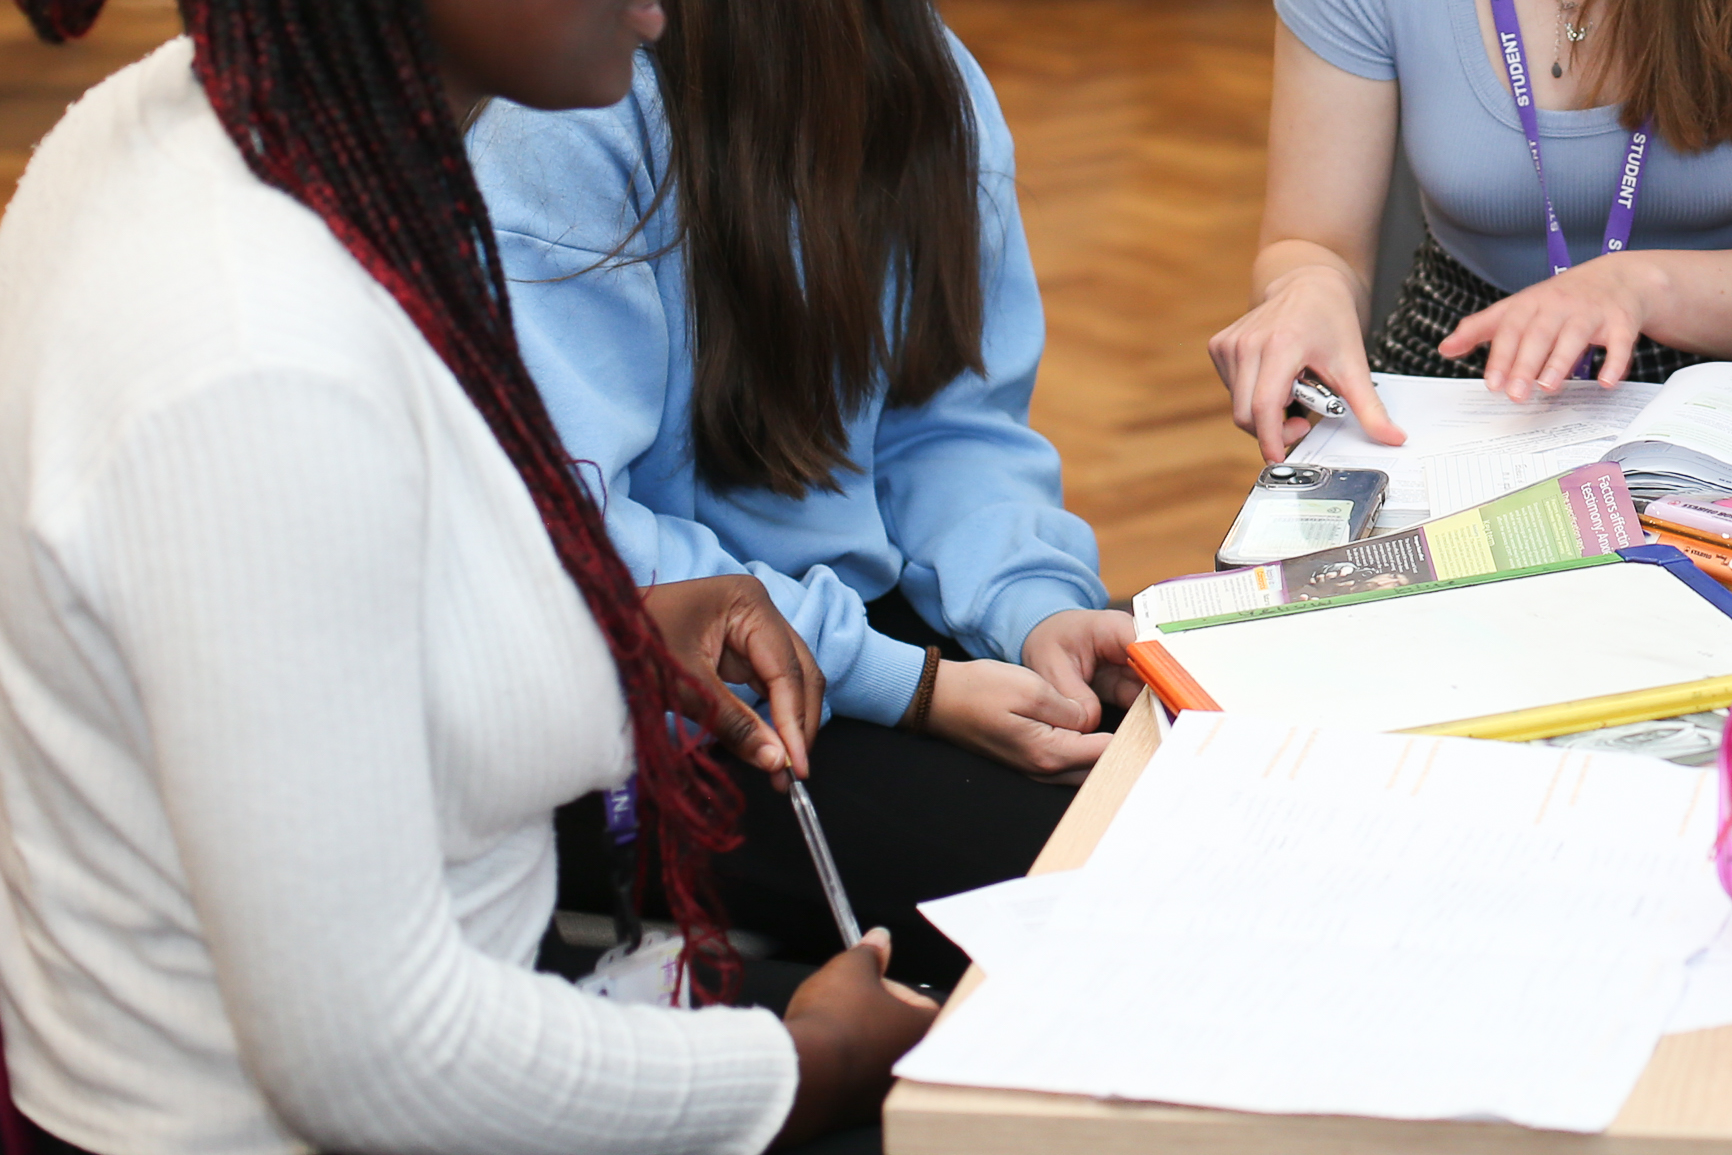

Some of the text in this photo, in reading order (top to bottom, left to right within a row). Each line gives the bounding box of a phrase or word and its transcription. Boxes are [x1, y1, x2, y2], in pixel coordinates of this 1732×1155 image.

[1500, 32, 1530, 107] STUDENT
[1618, 132, 1646, 209] STUDENT
[1561, 490, 1570, 502] The
[1565, 502, 1581, 538] specification
[1579, 481, 1604, 534] testimony:
[1597, 474, 1631, 549] Factors affectin
[1682, 502, 1717, 515] STABILO

══════════════════════════════

## WHAT IS REQUIRED
Exactly as written above, print every line of the data but not its pictures.

## ANSWER
Some of the text in this photo, in reading order (top to bottom, left to right within a row). Each line gives the bounding box of a phrase or word and its transcription. Boxes are [x1, y1, x2, y2], in pixel coordinates of this 1732×1155 image.

[1500, 32, 1530, 107] STUDENT
[1618, 132, 1646, 209] STUDENT
[1561, 490, 1570, 502] The
[1565, 502, 1581, 538] specification
[1579, 481, 1604, 534] testimony:
[1597, 474, 1631, 549] Factors affectin
[1682, 502, 1717, 515] STABILO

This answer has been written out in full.